Similarly, a large proportion of patients with UF received no hormonal therapy, and this trend declined modestly over time. In women with UF-HMB, the percentage receiving no hormonal therapy was 63.0% at year 1, 56.5% at year 2, and 47.7% at any time during follow-up. In women with UF-only, the percentage receiving no hormonal therapy was 70.8% at year 1, 65.2% at year 2, and 58.7% at any time during follow-up.
Within 1 year of the index date, 49.5% (UF-HMB) and 28.0% (UF-only) of patients underwent a gynecologic procedure of interest, most frequently hysterectomy (30.9% and 16.6%, respectively; Table 3). Table 4 shows the number of patients who underwent hysterectomy, both by age and cumulatively by study year. In both cohorts, hysterectomies were most common in older women (45–50 years; UF-HMB, 35.7%, UF-only, 21.9%). Patients with UF-HMB aged 35–44 years also had a high rate of hysterectomy (30.2%). Regardless of age, patients with UF-HMB were more likely to have a hysterectomy than those with UF-only (30.9% and 16.6%), and the percentage of women with UF-HMB having a hysterectomy increased over time: 38.7% at 2 years and 50.0% at any time during follow-up. The proportion of women with UF-only claims receiving hysterectomy also increased over time (19.7% at 2 years and 23.9% at any time during follow-up).
Table 4.
Count (%) of patients with a hysterectomy | ||
---|---|---|
Age group (year 1 data) | UF-HMB (n = 66,313) | UF-only (n = 26,068) |
18 – 24 years, count (%) | 7 (2.5) n = 280 | 2 (1.1) n = 181 |
25 – 34 years, count (%) | 651 (11.8) n = 5517 | 150 (4.0) n = 3777 |
35 – 44 years, count (%) | 9636 (30.2) n = 31,955 | 1,783 (15.9) n = 11,185 |
45 – 50 years, count (%) | 10,205 (35.7) n = 28,561 | 2,391 (21.9) n = 10,925 |
Total hysterectomies, by study year (cumulative incidence) | ||
Year 1, % | 30.9 n = 20,499 | 16.6 n = 4,326 |
Year 2, % | 38.7 n = 25,670 | 19.7 n = 5,147 |
Anytime, % | 50.0 n = 31,155 | 23.9 n = 6,234 |
Factors associated with hysterectomy and hormonal treatment
Based on logistic regression (Fig. 3), in patients with UF-HMB, multiple factors were significantly associated with hysterectomy within 1 year of UF diagnosis. Factors with the most substantial odds ratios (OR) for a higher rate of hysterectomy were prior (pre-UF diagnosis) use of narcotic analgesics (OR, 95% confidence interval [CI]: 1.44–1.72) or hormonal therapy (1.24–1.38), and existing anemia (1.24–1.38). Factors with the most substantial OR for a lower likelihood of receiving hysterectomy were infertility (OR, 0.18–0.29), and the post-UF diagnosis use of narcotic analgesics (0.50–0.64), hormonal therapy (0.65–0.72), and non-narcotic analgesics (0.67–0.86).

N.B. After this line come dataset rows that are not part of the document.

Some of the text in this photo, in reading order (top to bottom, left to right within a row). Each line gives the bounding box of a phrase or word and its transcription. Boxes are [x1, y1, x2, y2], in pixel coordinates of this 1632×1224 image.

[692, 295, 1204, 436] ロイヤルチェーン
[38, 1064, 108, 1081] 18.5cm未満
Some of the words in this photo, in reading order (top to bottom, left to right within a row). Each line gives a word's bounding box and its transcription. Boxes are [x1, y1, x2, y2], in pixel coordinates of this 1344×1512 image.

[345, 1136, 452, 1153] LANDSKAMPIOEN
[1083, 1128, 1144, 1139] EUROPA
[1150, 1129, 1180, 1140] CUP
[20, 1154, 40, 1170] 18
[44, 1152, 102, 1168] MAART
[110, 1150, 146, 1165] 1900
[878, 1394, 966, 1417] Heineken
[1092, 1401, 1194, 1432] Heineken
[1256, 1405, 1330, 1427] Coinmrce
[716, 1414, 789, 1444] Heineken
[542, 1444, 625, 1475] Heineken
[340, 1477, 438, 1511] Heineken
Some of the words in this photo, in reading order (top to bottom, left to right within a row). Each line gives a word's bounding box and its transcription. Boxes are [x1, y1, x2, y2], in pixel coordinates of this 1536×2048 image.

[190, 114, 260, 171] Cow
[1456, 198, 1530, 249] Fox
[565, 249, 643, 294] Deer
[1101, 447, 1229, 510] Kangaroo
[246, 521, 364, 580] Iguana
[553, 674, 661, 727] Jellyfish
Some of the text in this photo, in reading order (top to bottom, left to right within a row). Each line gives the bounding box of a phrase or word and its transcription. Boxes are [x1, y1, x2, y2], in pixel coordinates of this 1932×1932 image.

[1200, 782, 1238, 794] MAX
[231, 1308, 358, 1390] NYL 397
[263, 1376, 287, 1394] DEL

In the UF-HMB cohort, factors associated with the highest OR of receiving hormonal treatment within 1 year of UF diagnosis were infertility (OR, 1.11–1.57) and the site of diagnosis (inpatient vs. outpatient) (1.20–1.61). Pain and higher age were modestly associated with a lower likelihood of receiving hormonal treatment (ORs 0.87–0.96 and 0.97–0.98, respectively).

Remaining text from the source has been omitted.